I think your analogy with football is quite apt in this case.
442. What do you feel now you can do in those
sort of circumstances as First Minister in order to try and assist
any protests about what you feel are unfortunate decisions, that
are peaceful and confined within their time scale?
(Mr Trimble) As I have done over the course of the
last couple of years, right back to 1998, indeed in terms of earlier
problems, I have done what I can to encourage people to keep the
law and not to engage in violent retaliation, to try and find
a peaceful way of resolving the issue. Unfortunately, even though
I am First Minister when we have these issues I am a bystander
on the matter with only a power to urge and try to persuade. It
is not much consolation for me that the Secretary of State is
in no better position.
Mr Clarke
443. Just returning to Mr Thompson's questions,
when he mentioned the Human Rights Act, I think it has also been
mentioned, if not by yourself but by many others, that many of
the decisions that the Commission make could so easily have been
made by the police service. Is there not an argument that would
suggest that if that is so, then surely a secondary body to take
on that duty simply frees up more time for the police service
to carry out their day-to-day operations.

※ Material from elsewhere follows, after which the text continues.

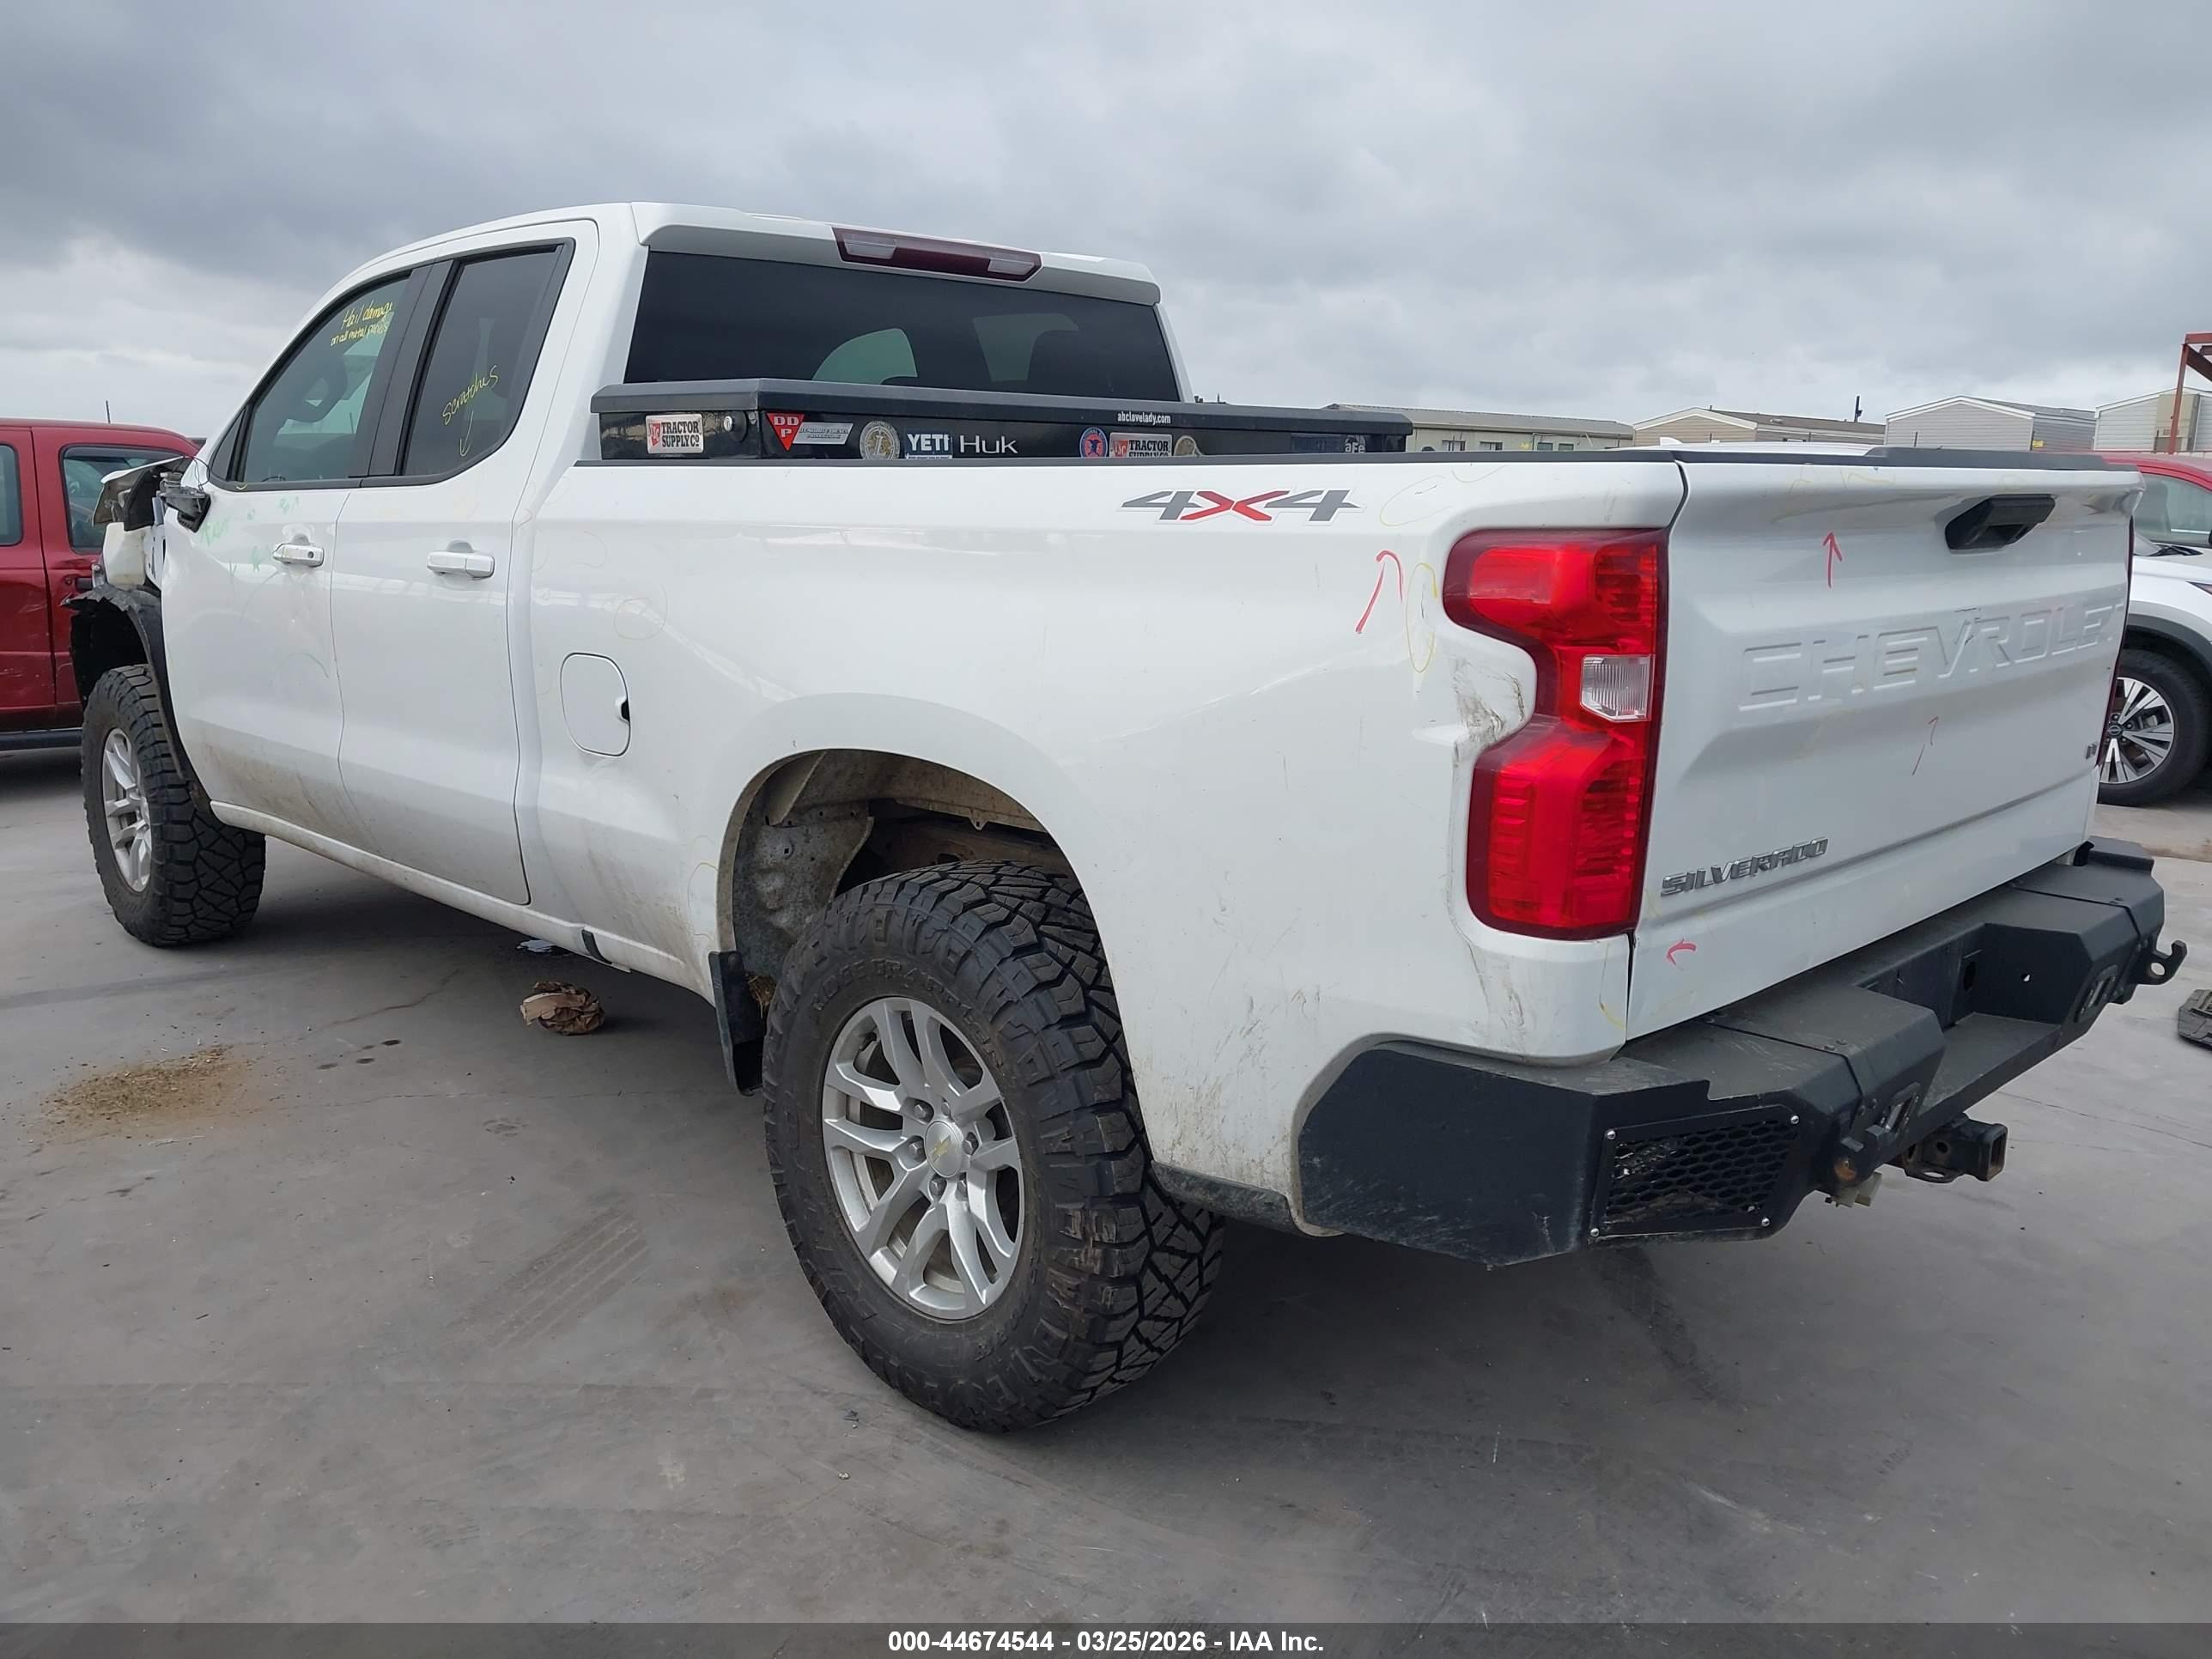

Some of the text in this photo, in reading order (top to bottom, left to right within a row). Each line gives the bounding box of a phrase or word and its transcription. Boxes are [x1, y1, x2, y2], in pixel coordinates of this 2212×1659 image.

I repeat what I am saying,
in terms of new staff and the Northern Ireland Police Service,
is this not just the sort of duty that it would be suggested could
be favourable to having a secondary body looking at it, to let
them concentrate on their day-to-day business and duties?
(Mr Trimble) I think I understand the point you are
making. It does not actually free up their time to deal with other
things. The decision-making on a particular application absorbs
the time and resources of a significant number of police officers.
If that could be done at a higher level, that would involve some
time there, but I do not think that would be entirely significant.
It was the case, particularly in 1996, that senior police officers
were saying that they disliked a situation where they found themselves
stuck in the middle between two groups, that whatever decision
they took there had to be a better way of dealing with the issue.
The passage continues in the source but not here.